** Assignment **
Below, find the line containing "this 1280×1080 image." and the line containing "this 1672×941 image."; reproduce exactly those two and every line between them, omitting pictures.

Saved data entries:
● ● ● ● ●

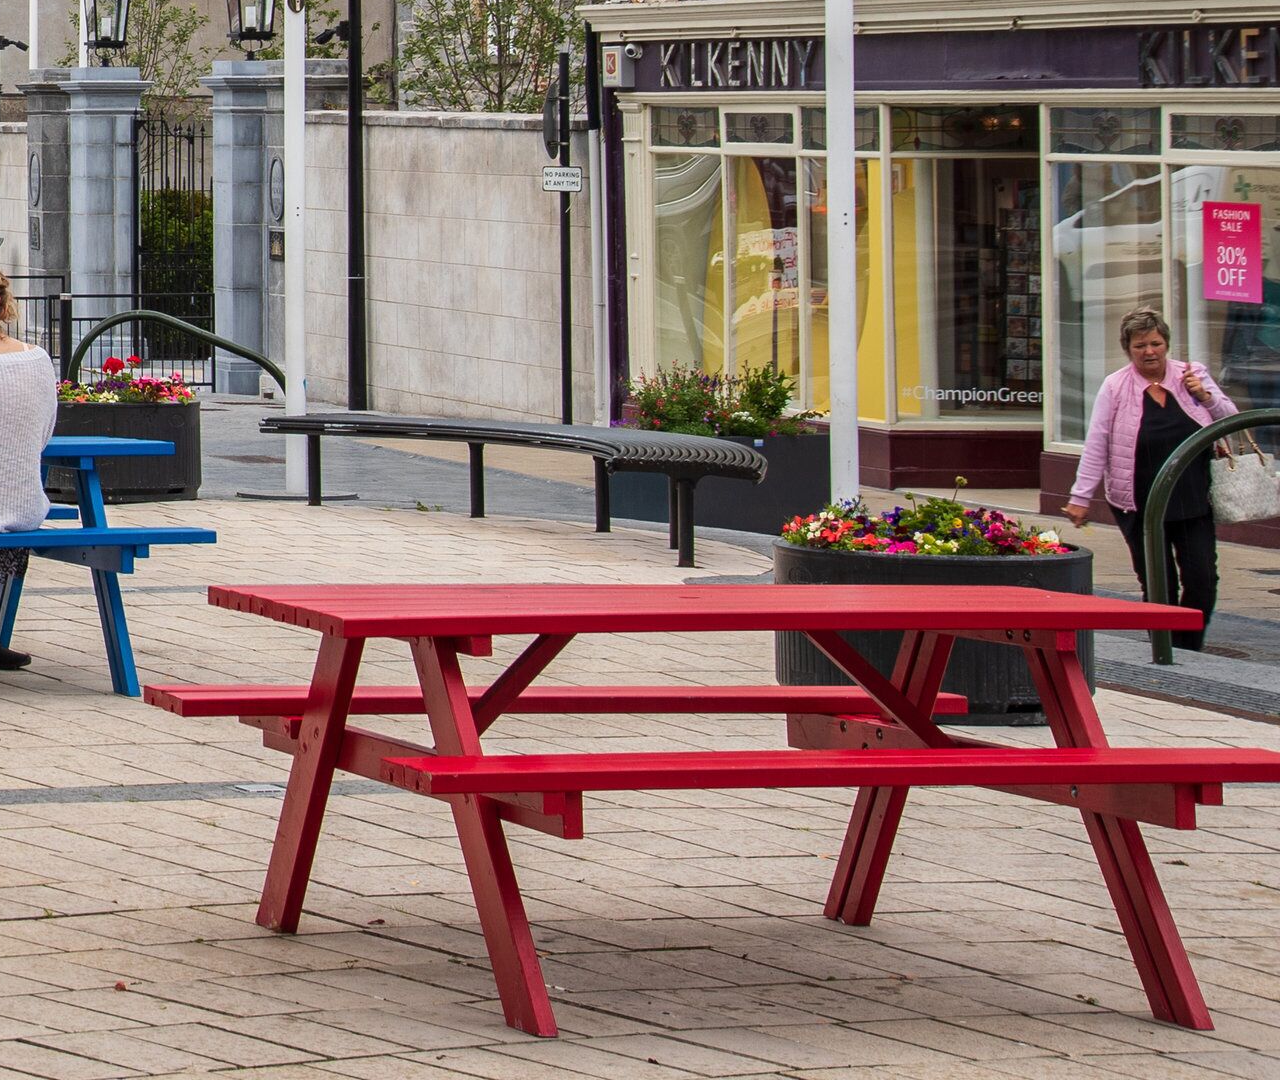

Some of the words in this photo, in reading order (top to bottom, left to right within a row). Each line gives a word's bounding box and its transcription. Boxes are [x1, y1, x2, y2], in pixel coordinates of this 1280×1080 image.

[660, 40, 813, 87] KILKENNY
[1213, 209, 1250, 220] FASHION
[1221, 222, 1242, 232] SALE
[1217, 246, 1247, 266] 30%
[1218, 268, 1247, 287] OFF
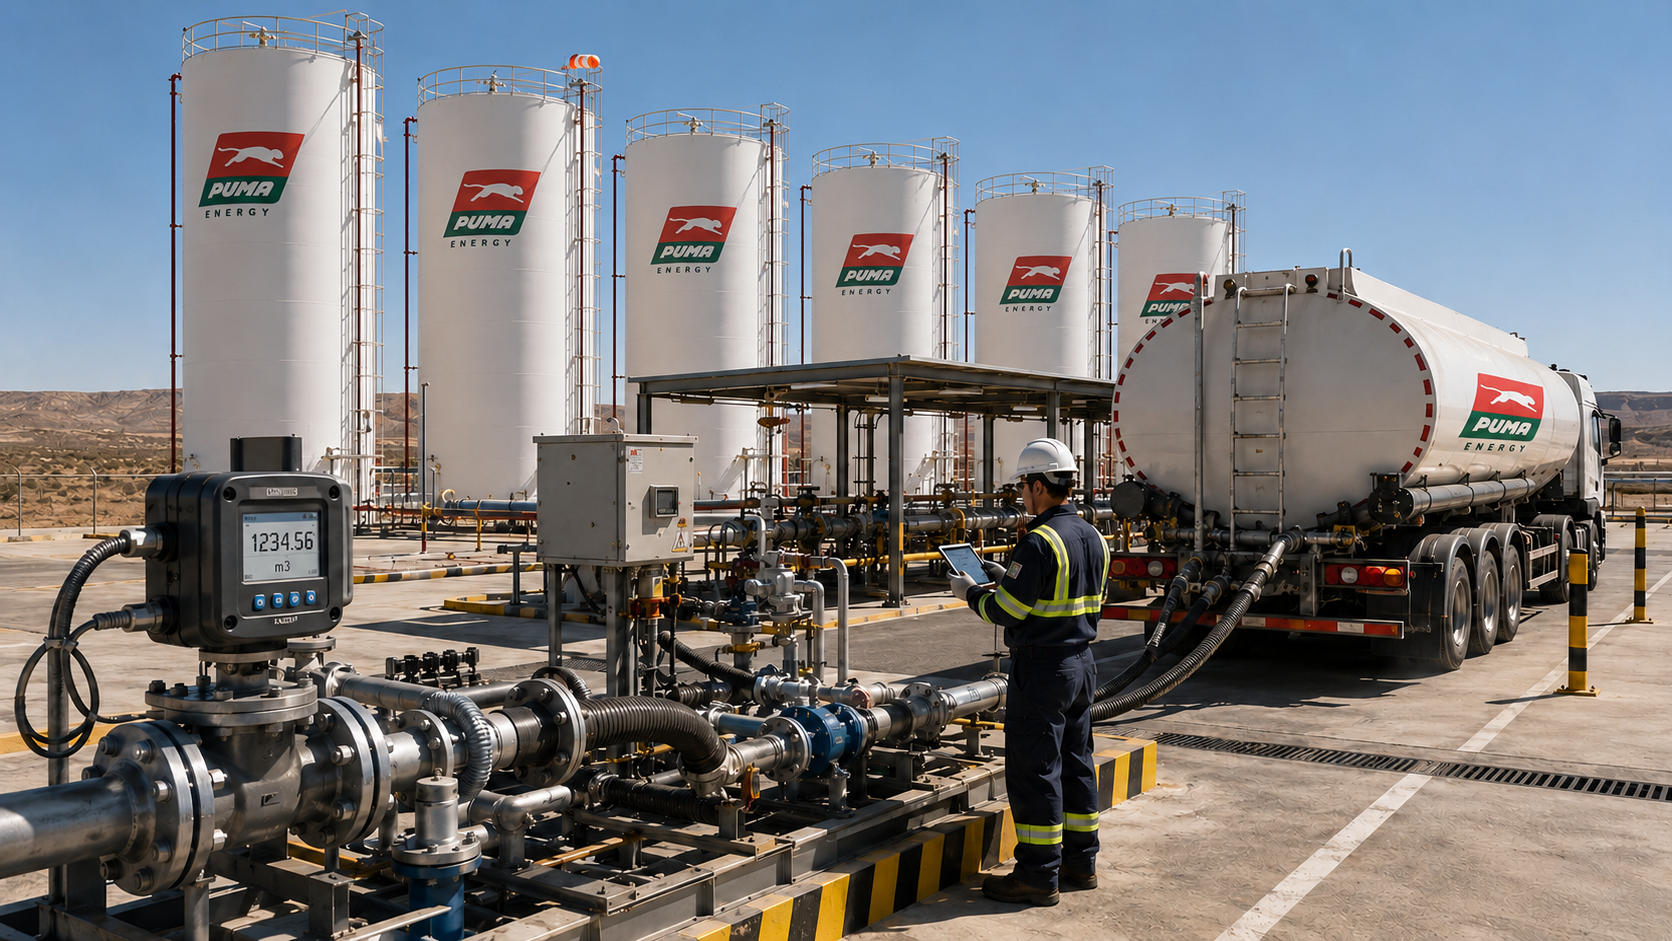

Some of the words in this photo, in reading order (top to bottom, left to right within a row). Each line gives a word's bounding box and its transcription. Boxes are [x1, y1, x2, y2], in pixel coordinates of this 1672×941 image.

● ● ● ● ●

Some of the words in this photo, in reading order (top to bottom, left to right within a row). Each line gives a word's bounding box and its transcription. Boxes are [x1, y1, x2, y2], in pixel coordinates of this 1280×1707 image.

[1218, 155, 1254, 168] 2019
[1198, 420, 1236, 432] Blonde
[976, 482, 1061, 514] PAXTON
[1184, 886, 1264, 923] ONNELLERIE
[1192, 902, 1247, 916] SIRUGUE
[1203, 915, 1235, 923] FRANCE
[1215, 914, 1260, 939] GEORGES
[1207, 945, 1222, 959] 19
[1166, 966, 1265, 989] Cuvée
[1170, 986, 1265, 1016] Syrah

● ● ● ● ●

** Output of the exercise **
Some of the words in this photo, in reading order (top to bottom, left to right within a row). Each line gives a word's bounding box and its transcription. Boxes are [x1, y1, x2, y2], in pixel coordinates of this 1280×1080 image.

[660, 40, 813, 87] KILKENNY
[1213, 209, 1250, 220] FASHION
[1221, 222, 1242, 232] SALE
[1217, 246, 1247, 266] 30%
[1218, 268, 1247, 287] OFF

Some of the words in this photo, in reading order (top to bottom, left to right within a row). Each line gives a word's bounding box and its transcription. Boxes are [x1, y1, x2, y2], in pixel coordinates of this 1672×941 image.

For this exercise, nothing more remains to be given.